Inflammatory pathway analysis using a high content screening platform

High content cellular screening assays are useful tools to investigate the interplay between signaling pathways and offer valuable platforms to determine the mode of action, potency, and selectivity of potential drug candidates in a biological setting. We describe a cell-based multiplex fluorescent imaging assay that permits concurrent detection and quantification of the distribution of nuclear factor kappa B (NF kappa B) p65/RelA and phosphorylated forms of p38 and c-Jun between the cytosol and nucleus. Cellular screening, data acquisition, and data interpretation were conducted on the ArrayScan(R) HCS Reader ( Cellomics Inc., Pittsburgh, PA). A significant window between untreated and interleukin-1 alpha (IL-1 alpha) stimulated HeLa cells for all three targets was achieved with low variability. Staining specificity was confirmed with blocking peptides and pharmacological inhibition of p38, c-Jun-N-terminal kinase (JNK), and inhibitory kappa B kinase 2, and channel bleed-through was eliminated or counterbalanced by the use of fixed exposure times together with careful reporter channel selection. The JNK inhibitor SP600125 was used as a demonstration compound because in addition to inhibiting nuclear accumulation of phosphorylated c-Jun it reduced nuclear translocation of phosphorylated p38 and NF kappa B p65/RelA in a dose-dependent manner, indicating a lack of SP600125 selectivity.
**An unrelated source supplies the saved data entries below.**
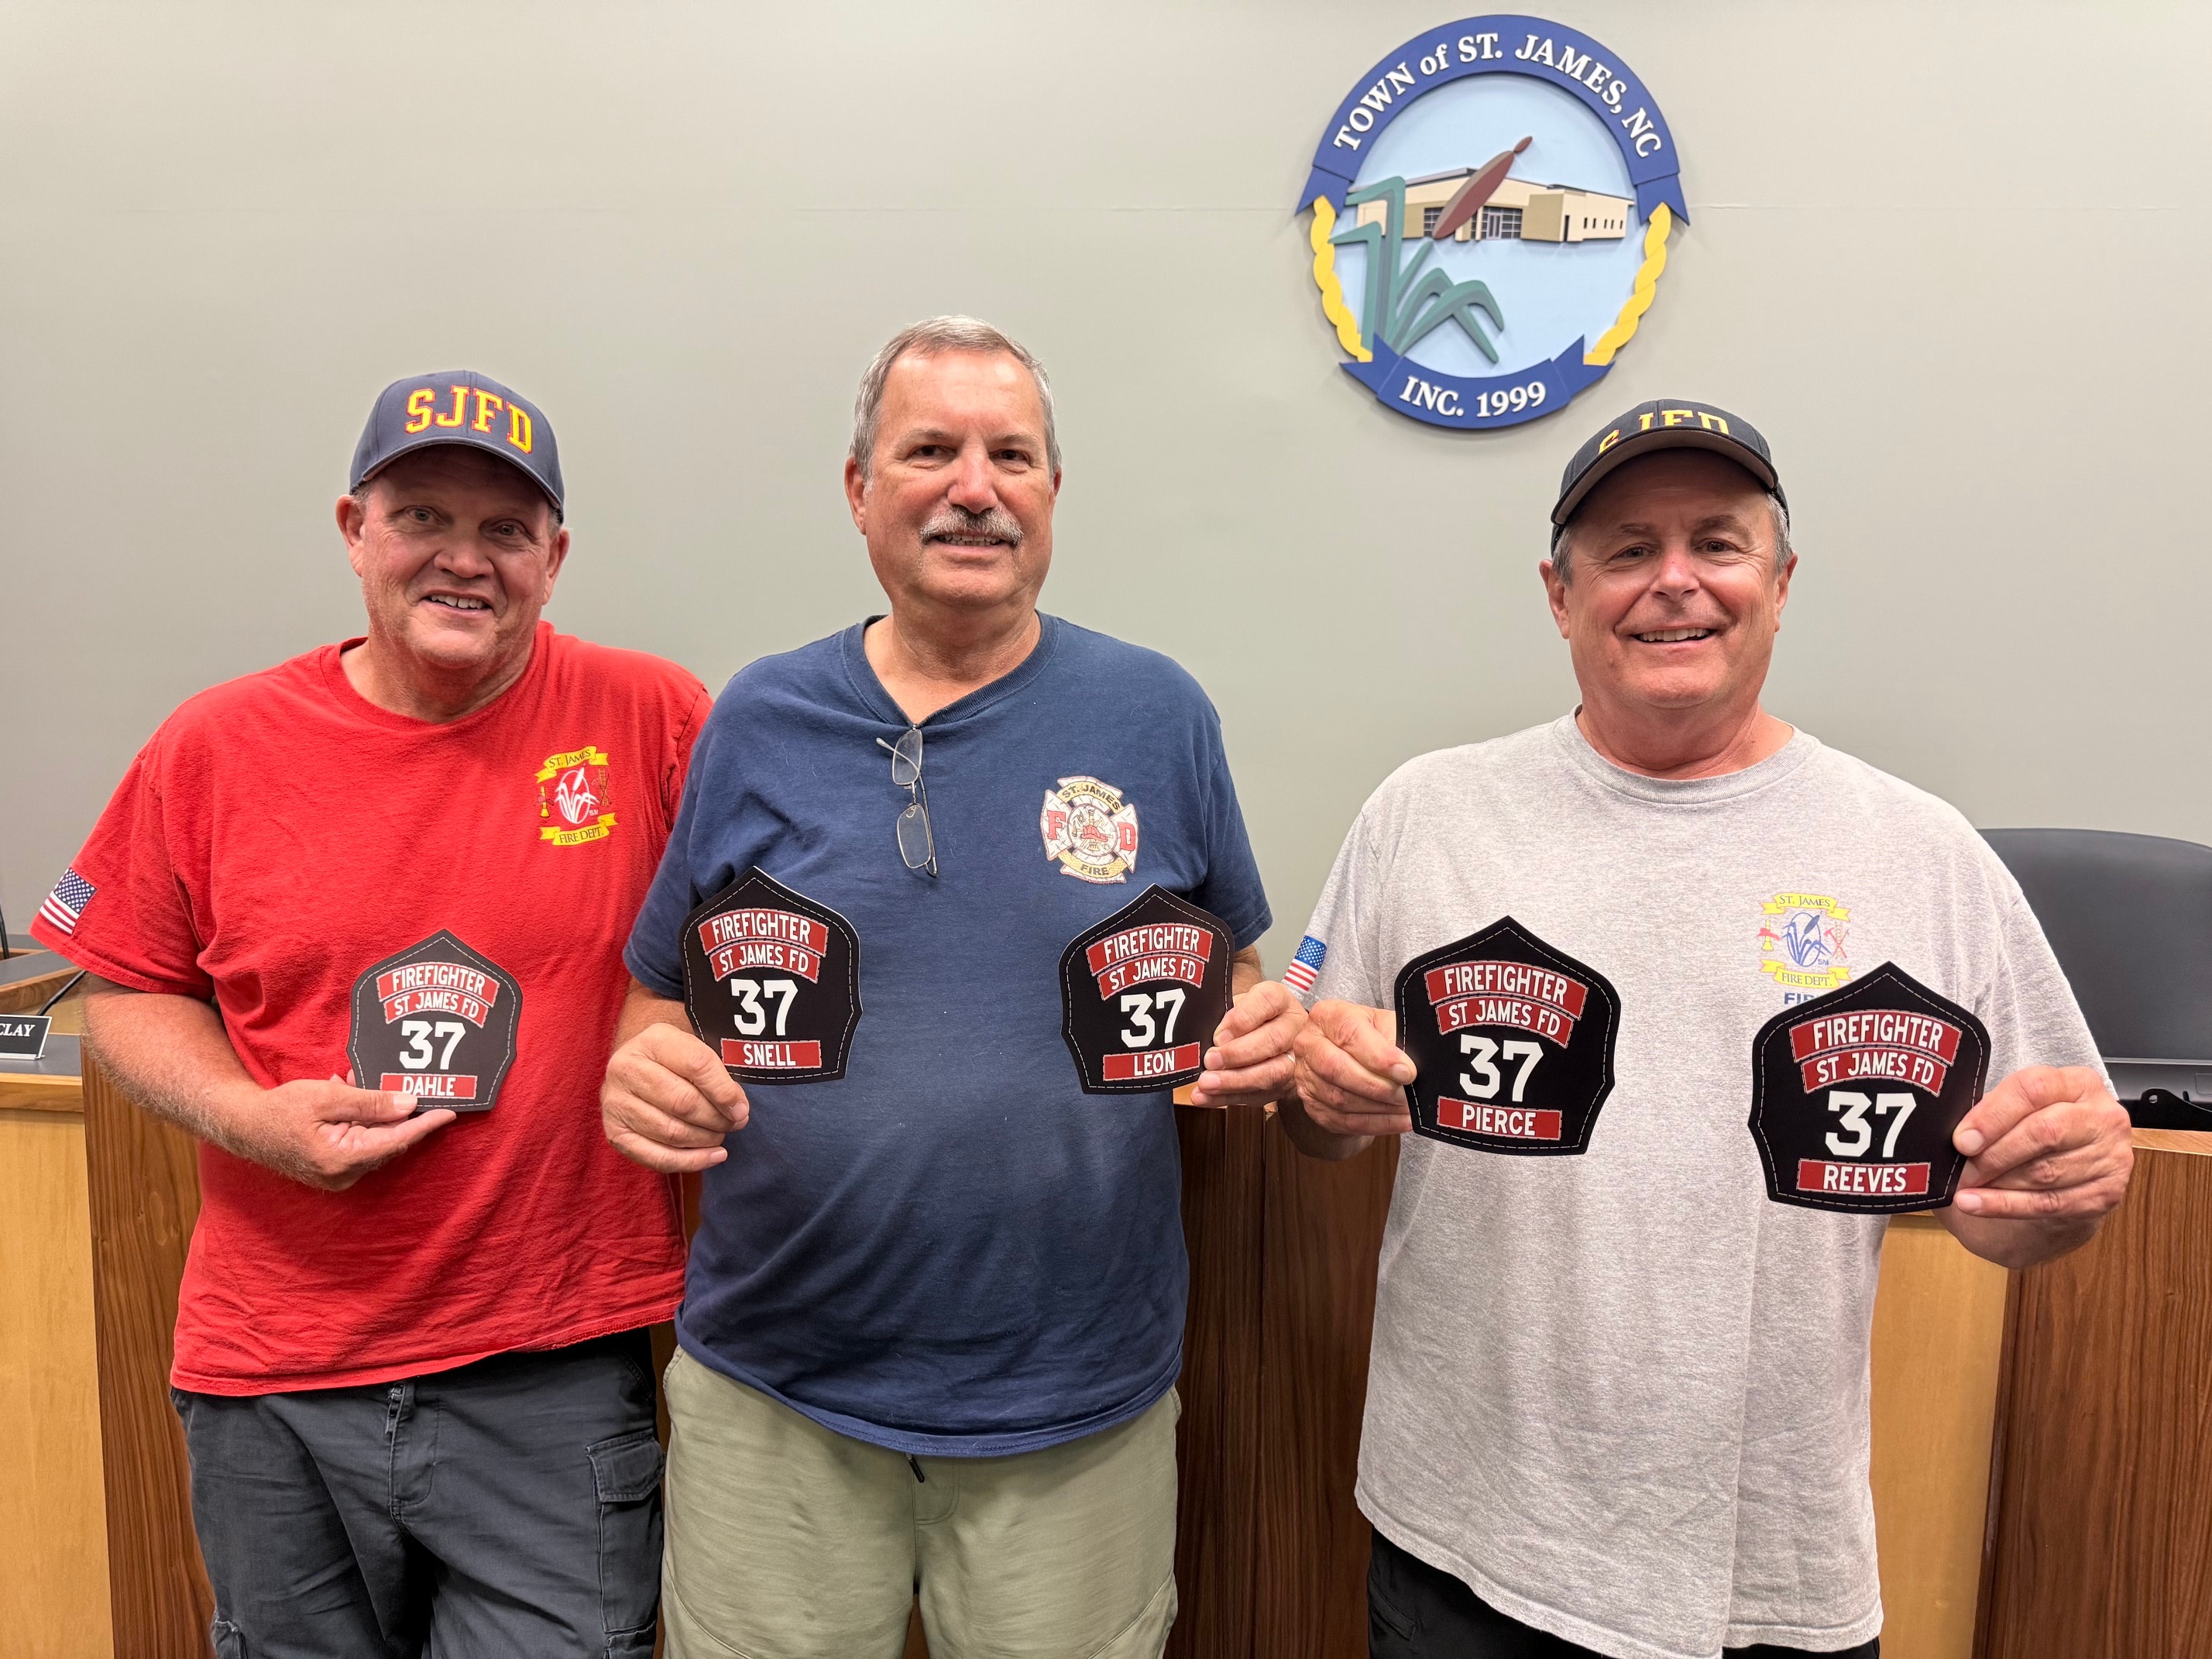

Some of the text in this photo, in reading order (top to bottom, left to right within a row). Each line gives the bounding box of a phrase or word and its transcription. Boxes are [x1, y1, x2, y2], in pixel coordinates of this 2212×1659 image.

[1334, 33, 1662, 158] TOWN of ST. JAMES, NC
[1400, 376, 1547, 417] INC. 1999
[404, 385, 533, 454] SJFD
[548, 749, 591, 768] ST. JAMES
[1061, 785, 1121, 811] ST. JAMES
[558, 826, 604, 843] FIRE DEPT.
[1046, 810, 1136, 851] F D
[1080, 864, 1109, 875] FIRE
[1779, 895, 1830, 907] ST. JAMES
[711, 912, 811, 944] FIREFIGHTER
[719, 944, 809, 973] ST JAMES FD
[1104, 927, 1200, 963] FIREFIGHTER
[393, 965, 486, 996] FIREFIGHTER
[1109, 957, 1196, 990] ST JAMES FD
[1444, 964, 1568, 1005] FIREFIGHTER
[1781, 973, 1832, 986] FIRE DEPT.
[394, 991, 479, 1018] ST JAMES FD
[730, 978, 799, 1036] 37
[1121, 988, 1186, 1048] 37
[1448, 999, 1561, 1036] ST JAMES FD
[399, 1020, 466, 1070] 37
[1813, 1014, 1943, 1052] FIREFIGHTER
[743, 1043, 796, 1066] SNELL
[1133, 1049, 1175, 1077] LEON
[1459, 1033, 1544, 1102] 37
[1816, 1052, 1935, 1084] ST JAMES FD
[402, 1076, 456, 1096] DAHLE
[1462, 1104, 1537, 1136] PIERCE
[1825, 1090, 1917, 1158] 37
[1822, 1165, 1908, 1193] REEVES
This was supported by RNA interference where co-transfection of small interfering RNA targeting both JNK1 and JNK2, to limit signaling redundancy, significantly inhibited IL-1 alpha-stimulated translocation of phosphorylated c-Jun without altering phosphorylated p38 and NF kappa B p65/RelA redistribution. This image analysis application is a valuable and information-rich screening tool to investigate compound selectivity and/or cross-talk between key signaling pathways involved in the inflammatory response.